『ブキミッシュ』 2の4


 ブキ・ミッシュは、瞬時に『迎賓センター』に飛んだのである。


 一般人は入れない領域だが、また、ブキ・ミッシュを妨げるものもない。


 ビョータンは、宿泊室に突如として現れたブキ・ミッシュに驚愕した。


 『そなたは、なにもの? いや、いや、わかった。ブキ・ミッシュさんであろうな。』


 『はい。偉大なるビョータン。あなたにお話がありました。だから、やってきたのです。』


 『なにものも、妨げなかったか。』


 『はい。まったく、なにも。』


 『なるほど。で、なにかな?』


 『地球を、平和にたもちたいのです。議論はたくさんあってしかるべきですが、戦争は避けたい。殺しあいなど論外です。しかし、古今の偉人でさえ、多くは殺しあいを避けられなかったし、推奨したりもした。あなたは、違うと思うのです。』

 

 『ほう? なぜかな?』


 『あなたが、真の偉人だからです。
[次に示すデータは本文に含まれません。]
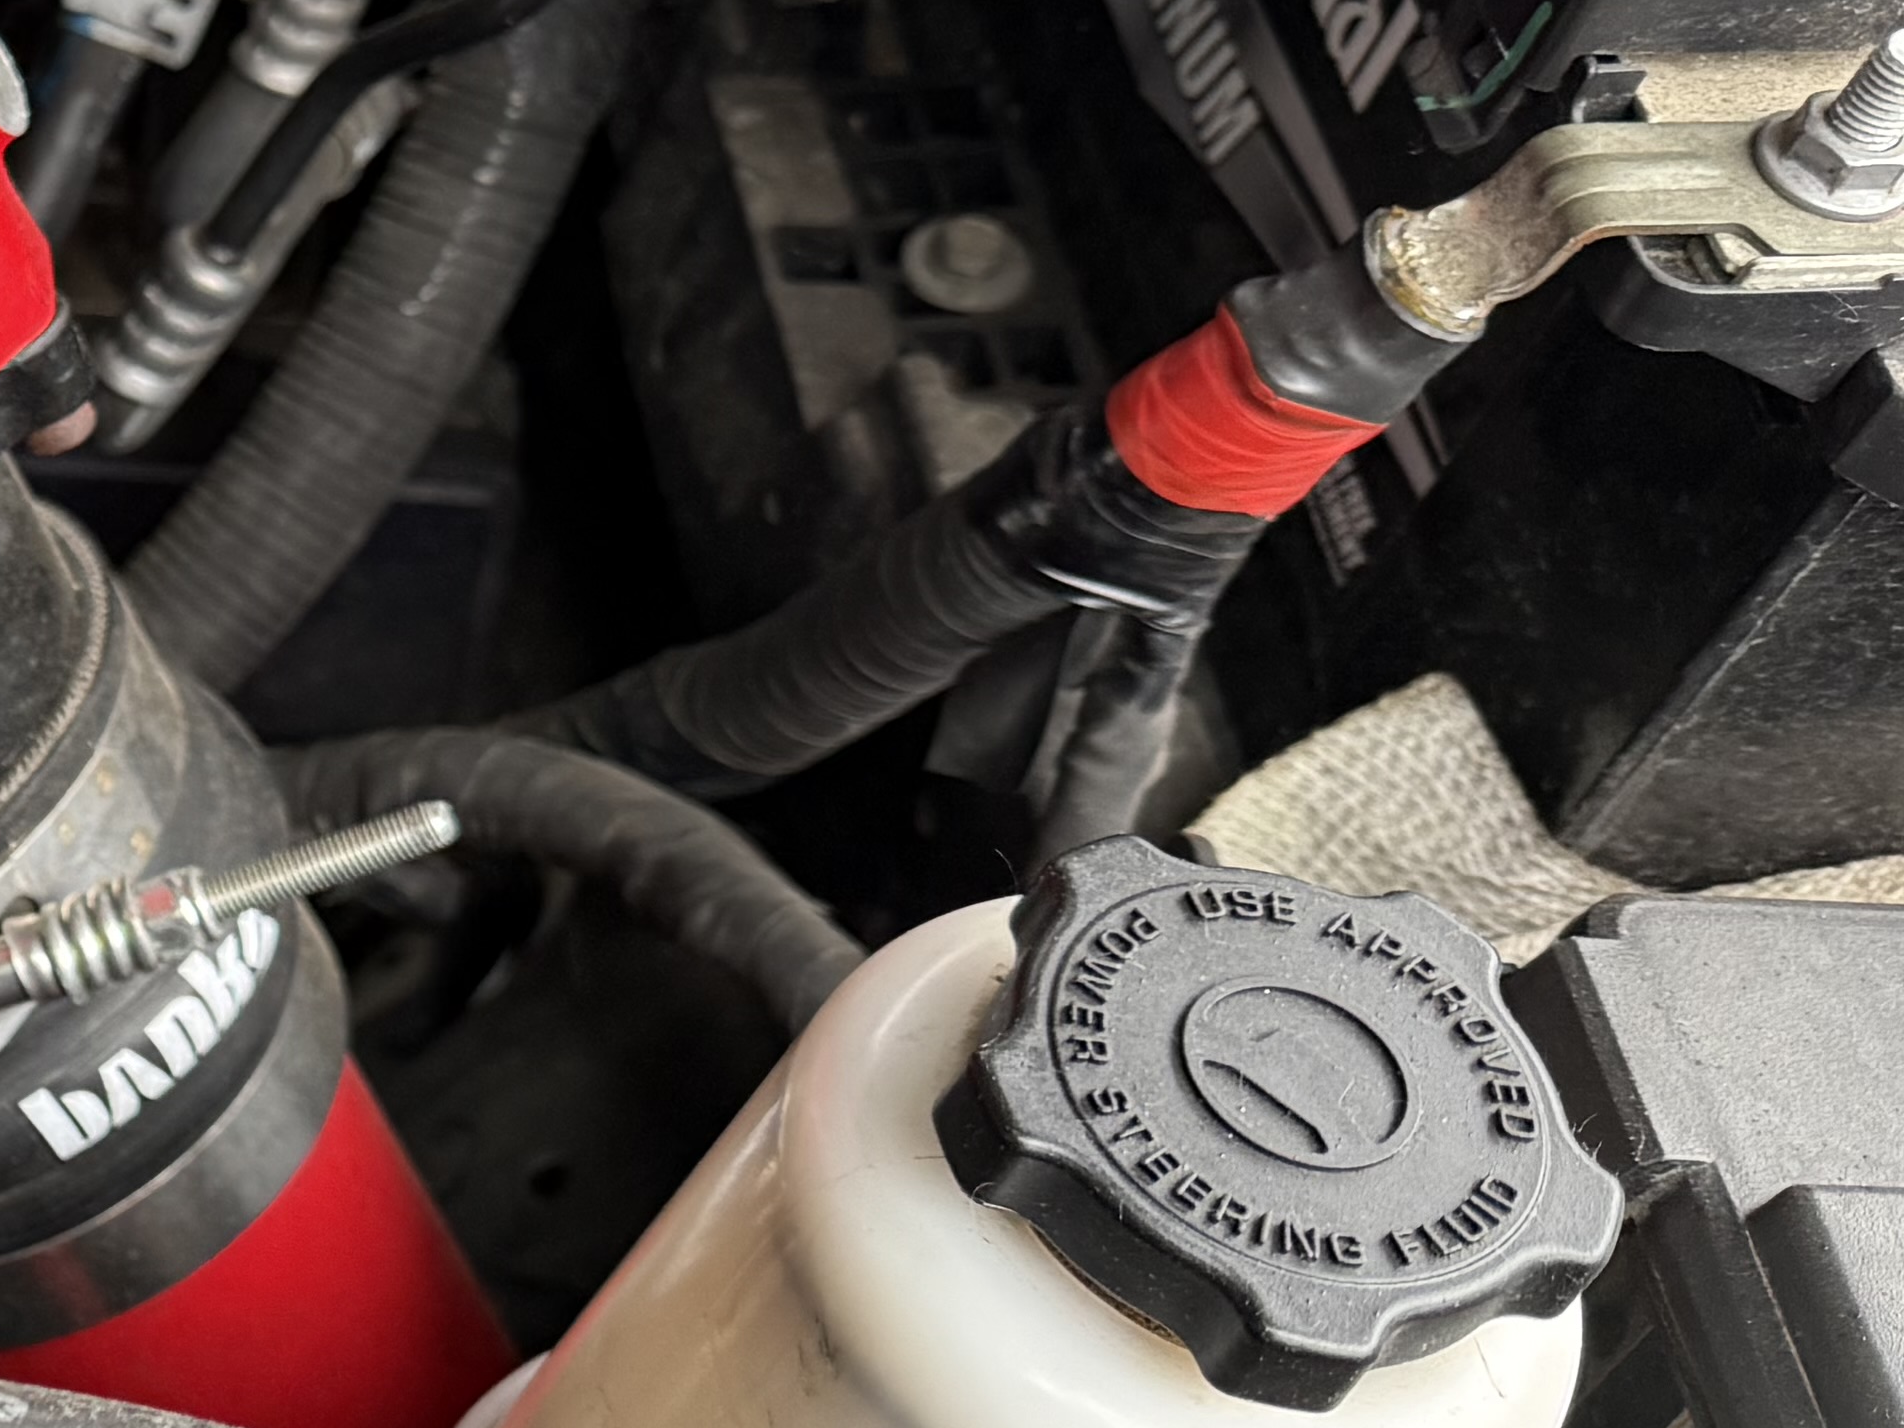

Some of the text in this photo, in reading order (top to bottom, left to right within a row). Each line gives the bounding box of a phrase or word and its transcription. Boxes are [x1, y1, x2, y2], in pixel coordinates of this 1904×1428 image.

[1058, 908, 1522, 1269] POWER STEERING FLUID
[1185, 883, 1540, 1145] USE APPROVED
それは、あなたが、すでにここにいることが示しています。あなた以外のだれが、ここに来られたでしょうか。あなたは、すでに、ダレ・モン・ソーダ星人の動きを止めたのです。』


 『ふむ。しかし、かいかぶりではないかな? ダレ・モン・ソーダ星人は、わたしに、大量の財宝や、食糧を与えるだろう。わたしが、もらわないと言えるかな?』


 『言えます。なぜならば、あなたには、必要がないからです。地球の財宝も、地球の食糧も、あなたには役に立たないから。』


 『ほう。なぜわかる?』


 『ぼくの分析によれば、あなたの食糧は、ブラックマターです。または、ダークマター。財宝に興味はない。あなたはそうしたものは、持ち歩いていませんから。』


 『なるほど。よく調べたな。しかし、若者よ、きみが自ら実行すべきではないかな?』


 『ぼくには、名声がありません。どちらかというと、ひたすら不気味がられています。誰も、味方にはならないでしょう。ドクター・アラカワ以外は。あなたは、違います。あなたの一言が、みなを、動かすのです。』


 『なんと、言えと言うのか?』


 『地球から、立ち去れ。と。』


 『ほう。それで、ほかの惑星に行き、勝手におなじことをせよ、とな?』


 ブキ・ミッシュは、やや、詰まってしまった。